The data are all laid out in an easy-to-navigate
form. You can view data and rankings for states and
metropolitan areas, manipulate sortable lists, and download data
sets. This site is a great example of how to add value to
Census data in a way that is transparent to the user and allows you
to do your own analysis. Go straight to their data index page,
which is located at:
http://mumford1.dyndns.org/cen2000/data.html
This month's new links focus on demography. Census 2000 is
yielding a wealth of new insights on who lives where, and how the face
of America is changing, with the aging of the boomer generation, a new
wave of international migration, increasing ethnic diversity, and
changing patterns of residential location. In addition to our
site of the month, the Lewis Mumford Center, you'll find these
resources helpful.
Social
Science Data Analysis Network
The Social Science Data Analysis Network (SSDAN) is a
university-based organization that creates demographic media, such as
user guides, web sites, and hands-on classroom computer materials that
make U.S. census data accessible to policymakers, educators, the
media, and informed citizens.
http://www.ssdan.net/
William
H. Frey's Demography Page
William H. Frey, a demographer at the University of
Michigan has created a very useful page for finding population change
and migration data from the 2000 Census. You navigate through a
series of drop-down lists to select data for regions, states or
metropolitan areas on total population change, ethnic profiles, and
the size and change in population of various ethnic
groups.
http://www.frey-demographer.org/usdata.html
Federation
American Immigration Reform (FAIR)
International Immigration by State, Metropolitan Area, and
County
foreign-born population, recent immigrant settlement (by nationality
in major settlement locations), and the share of population change due
to immigration since 1990.
http://www.fairus.org/html/research.html
Racial and Ethnic Segregation
Segregation by race and ethnicity in US Metropolitan Areas, 2000.

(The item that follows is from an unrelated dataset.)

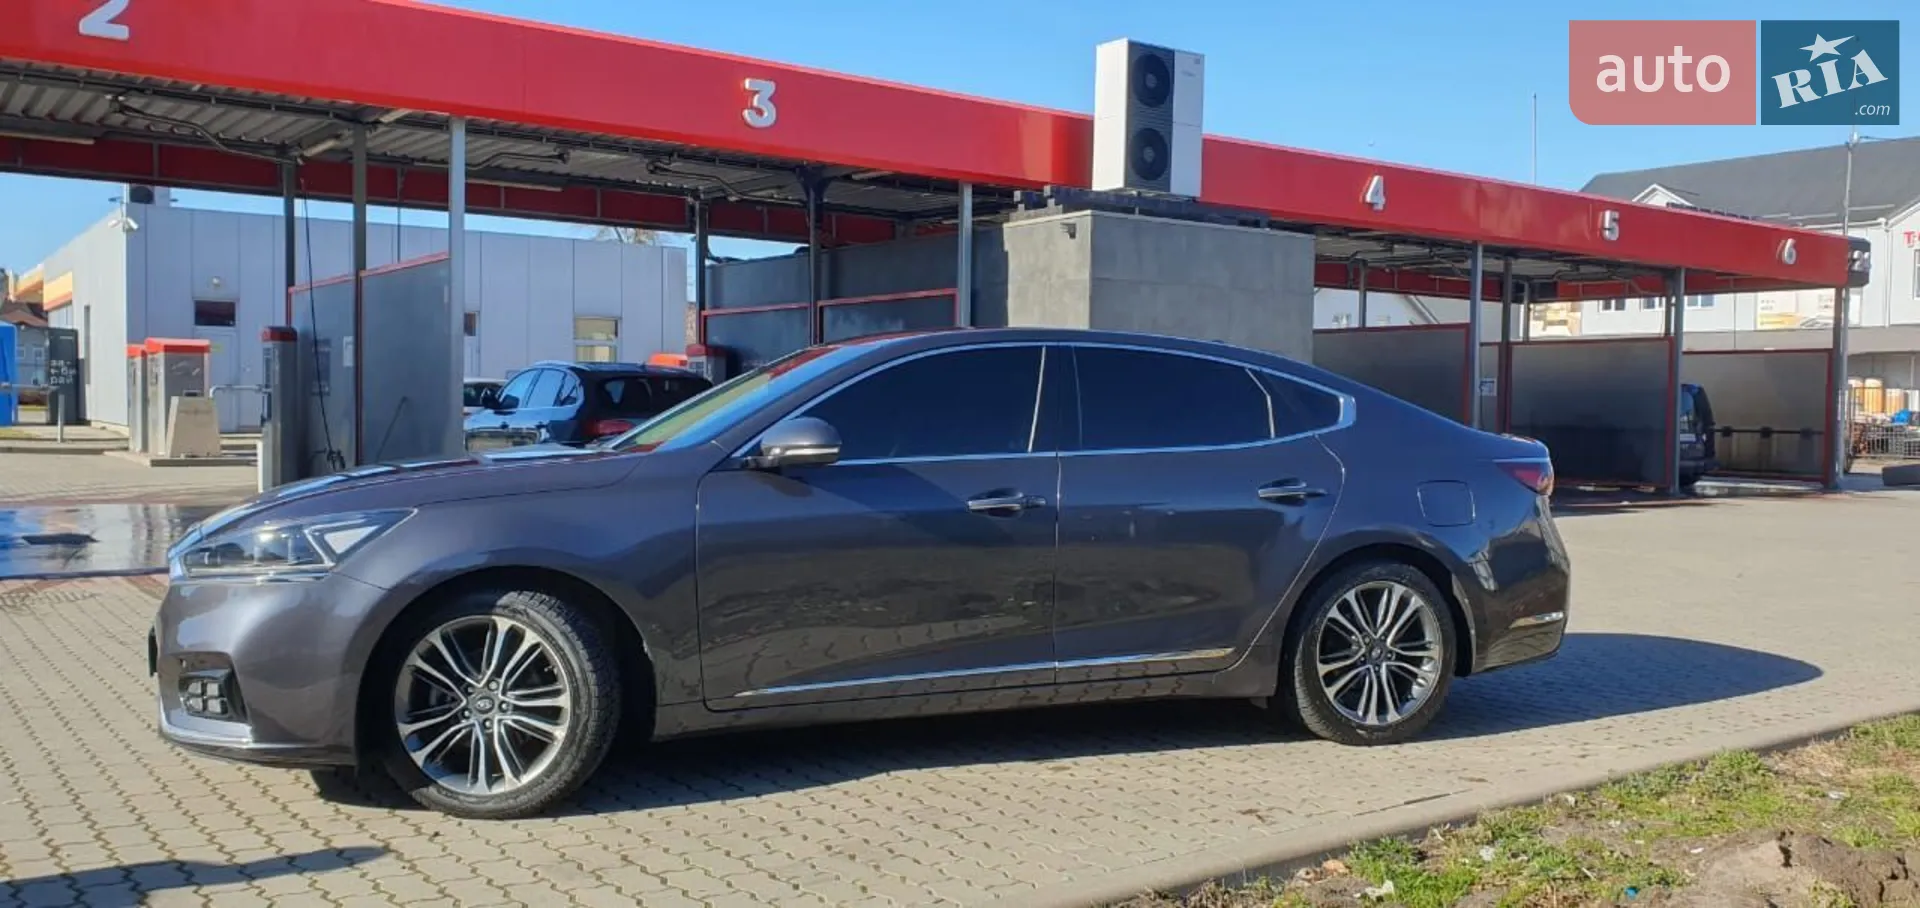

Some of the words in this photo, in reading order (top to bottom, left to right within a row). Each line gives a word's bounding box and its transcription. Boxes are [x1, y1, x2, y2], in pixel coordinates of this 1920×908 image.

Dissimilarity index and exposure index for metropolitan areas.
http://www.censusscope.org/segregation.html
Last month's mid-term elections changed control of the US Senate,
and installed new occupants in Governor's mansions around the
country. At EconData.Net, we're interested to see how patterns
of voter participation varied among different parts of the
nation. The Federal Election Commission obligingly provides a
great historical record of voter registration and turnout data going
back to 1960. You'll find this, and a wealth of other
information about voting, at their website: http://www.fec.gov/pages/electpg.htm
As Americans get on the road for
the holidays, popular attention frequently turns to the price of
gasoline. You can find extensive up-to-date data on gas prices across the
nation by visiting the American
Automobile Association's Daily Fuel Gauge Report. The site
allows you to quickly compare current prices in all 50 states, select a single state and drill-down to different metropolitan
areas, and see a year-to-date chart of fuel price trends for
that state. Check this before you go over the river and through the
woods: http://www.fuelgaugereport.com/sbsavg.asp
During the holiday season, our thoughts turn to the
needs of the less fortunate. If you're interested in getting a
state-by-state picture of hunger in the US, an excellent source of
information is the Center on Hunger and Poverty at Brandeis
University. Its recent report, Hunger and Food Insecurity
in the Fifty States: 1998-2000, computes the rates of food
insecurity and hunger in each state. Overall, it
reports that more than 10 percent of US households are food insecure
and that about 3 percent experience
hunger. You'll find a state-by-state tabulation of
estimates in a short PDF report, available at: http://www.centeronhunger.org/pdf/statedata98-00.pdf
Happy holidays from EconData.Net!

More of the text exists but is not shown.